A group of 138 skydivers in Northern Illinois broke the vertical skydiving world record on Friday night, creating a massive 150 foot-wide snowflake formation as they launched themselves from 18,500 feet at speeds of 220mph.
It took the group 15 attempts over three days to break the previous record of 108 skydivers, which was set in 2009.
‘I feel amazing,’ said Rook Nelson, organizer and owner of Skydive Chicago, where the record was broken. ‘There was a lot of emotion and a lot of days where we should have got it. But we dug down deep and stuck at it.’ Following months of planning, tryouts and camps to decide who could take part in the dangerous challenge, the 138 record breakers squeezed into six aircraft from which they launched themselves into their pre-assigned slots in the massive human snowflake.
Flying at such a high altitude presents a risk of altitude sickness, so the skydivers and pilots used oxygen tanks aboard the planes.
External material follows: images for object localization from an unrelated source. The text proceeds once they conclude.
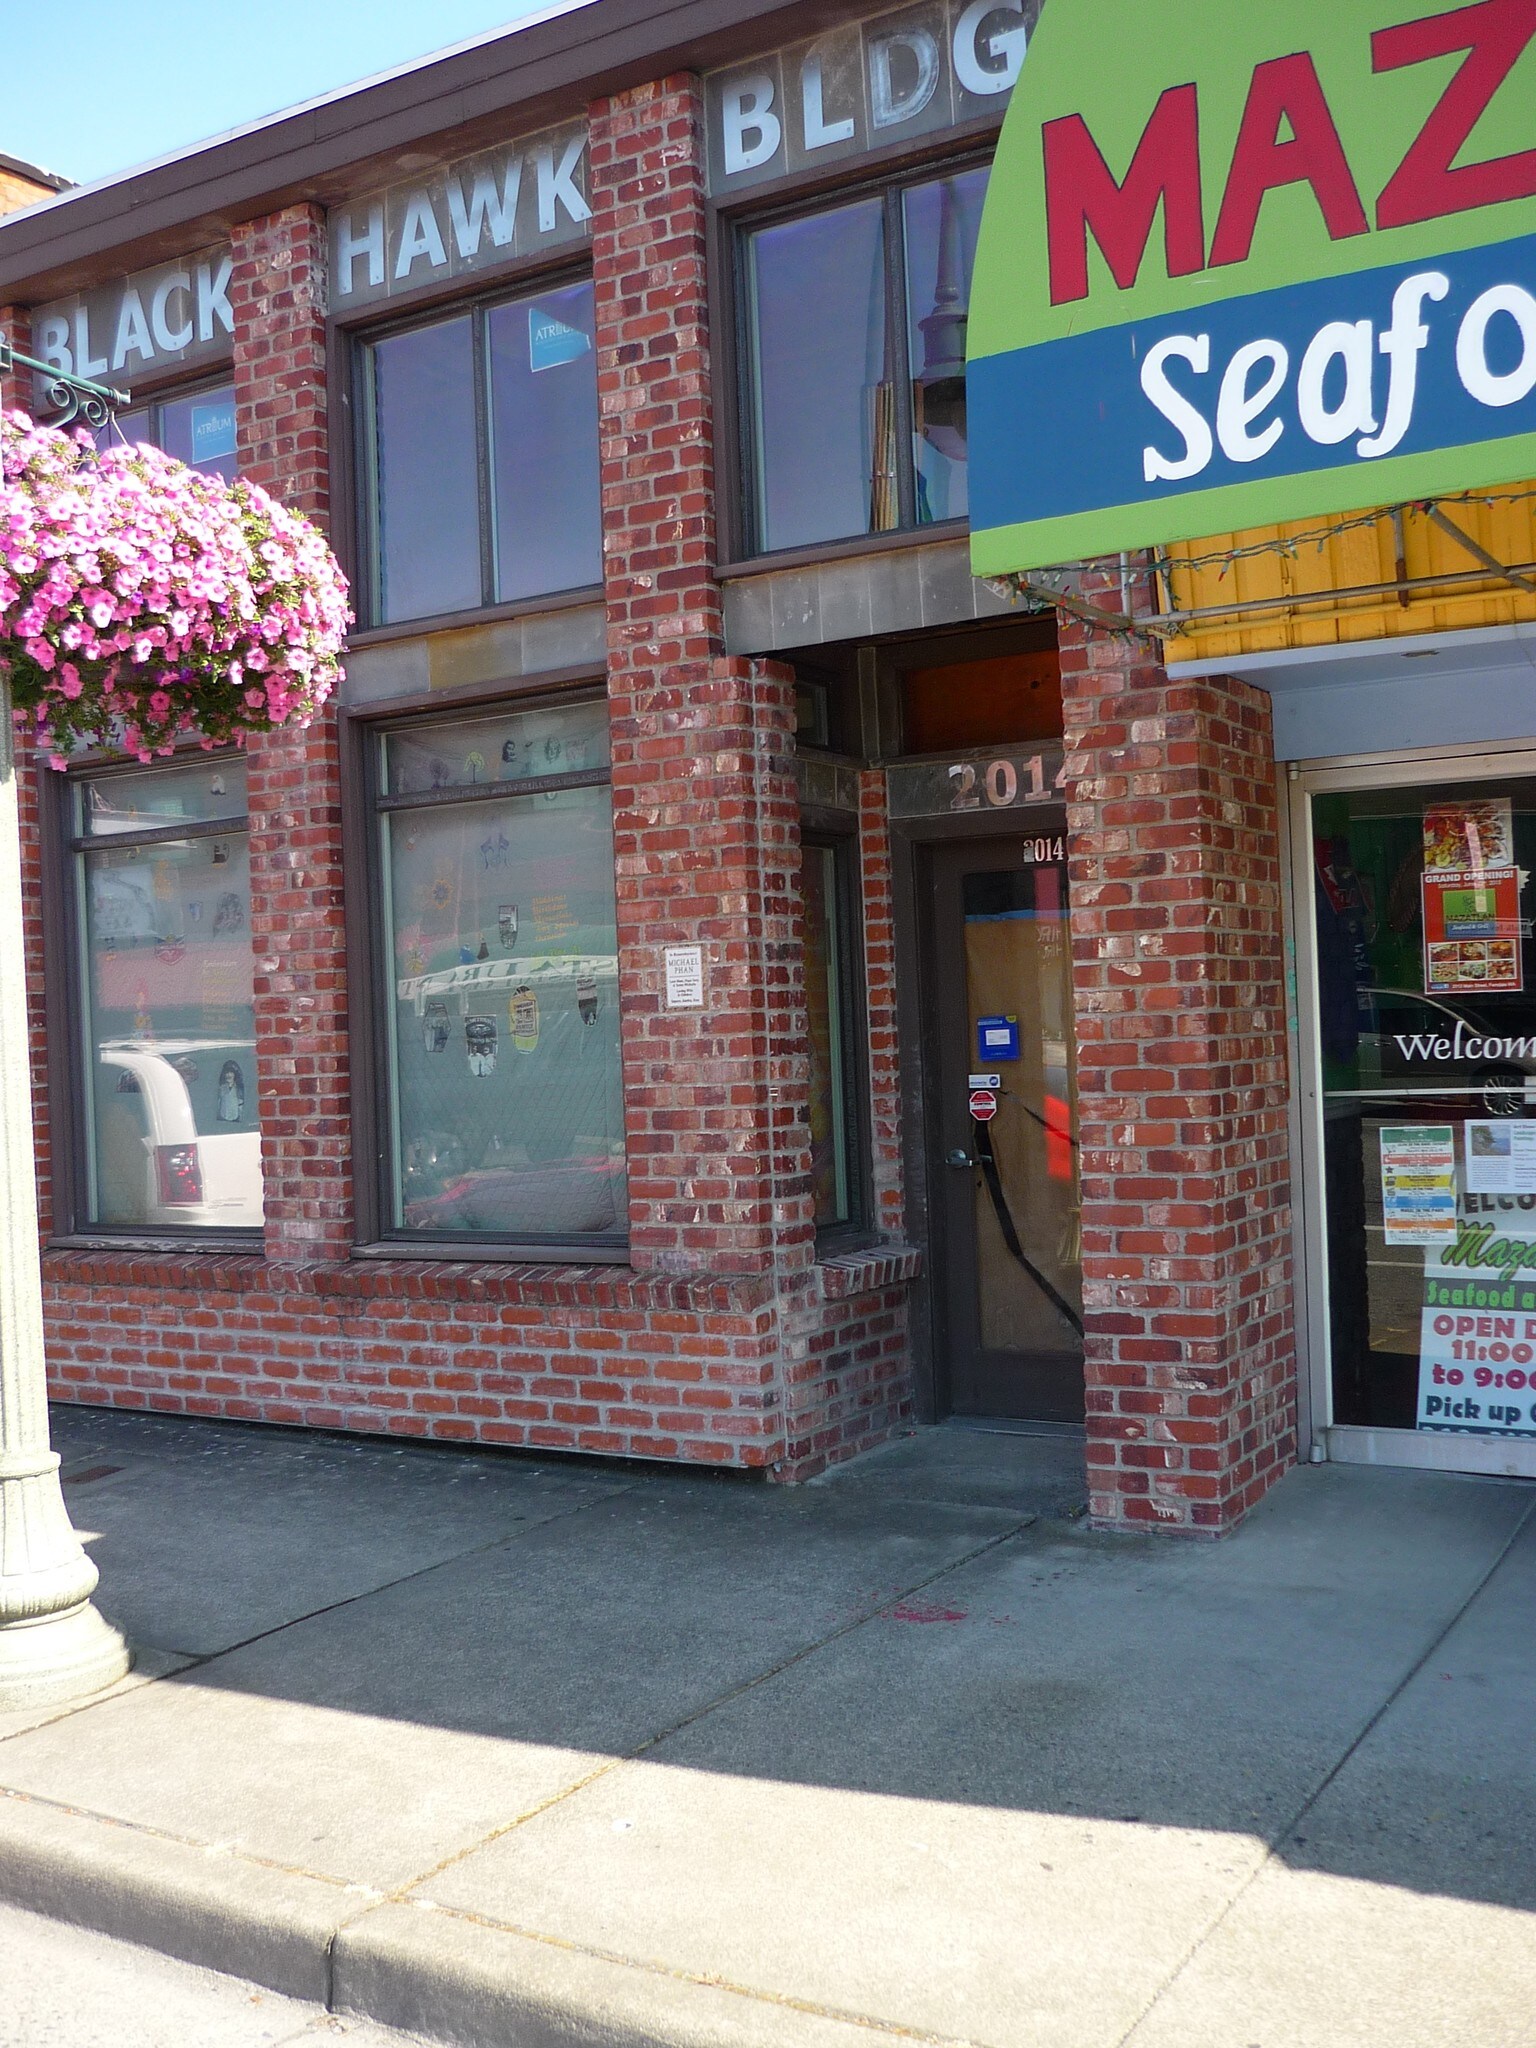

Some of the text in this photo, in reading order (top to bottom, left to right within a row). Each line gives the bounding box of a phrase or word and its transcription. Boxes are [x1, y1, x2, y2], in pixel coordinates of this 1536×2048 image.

[38, 0, 1027, 390] BLACK HAWK BLDG
[1425, 870, 1514, 883] GRAND OPENING!
[668, 958, 699, 967] MICHAEL
[674, 966, 694, 974] PHAN
[1456, 1192, 1536, 1214] ELCO
[1427, 1280, 1516, 1308] Seafood
[1433, 1314, 1515, 1339] OPEN
[1451, 1339, 1534, 1364] 11:00
[1432, 1363, 1464, 1386] to
[1425, 1395, 1481, 1419] Pick
[1488, 1405, 1522, 1426] up
Four camera operators shooting video and stills jumped with the 138 participants to record their achievement for the Federation Aeronautique Internationale judges.
According to co-organizer Mike Swanson, a professional skydiver who base jumped from Willis Tower and its fellow Chicago skyscraper Trump Tower for the movie Transformers 3, those images are key.
If nobody records the new record, Swanson said, ‘then it wasn’t really done.’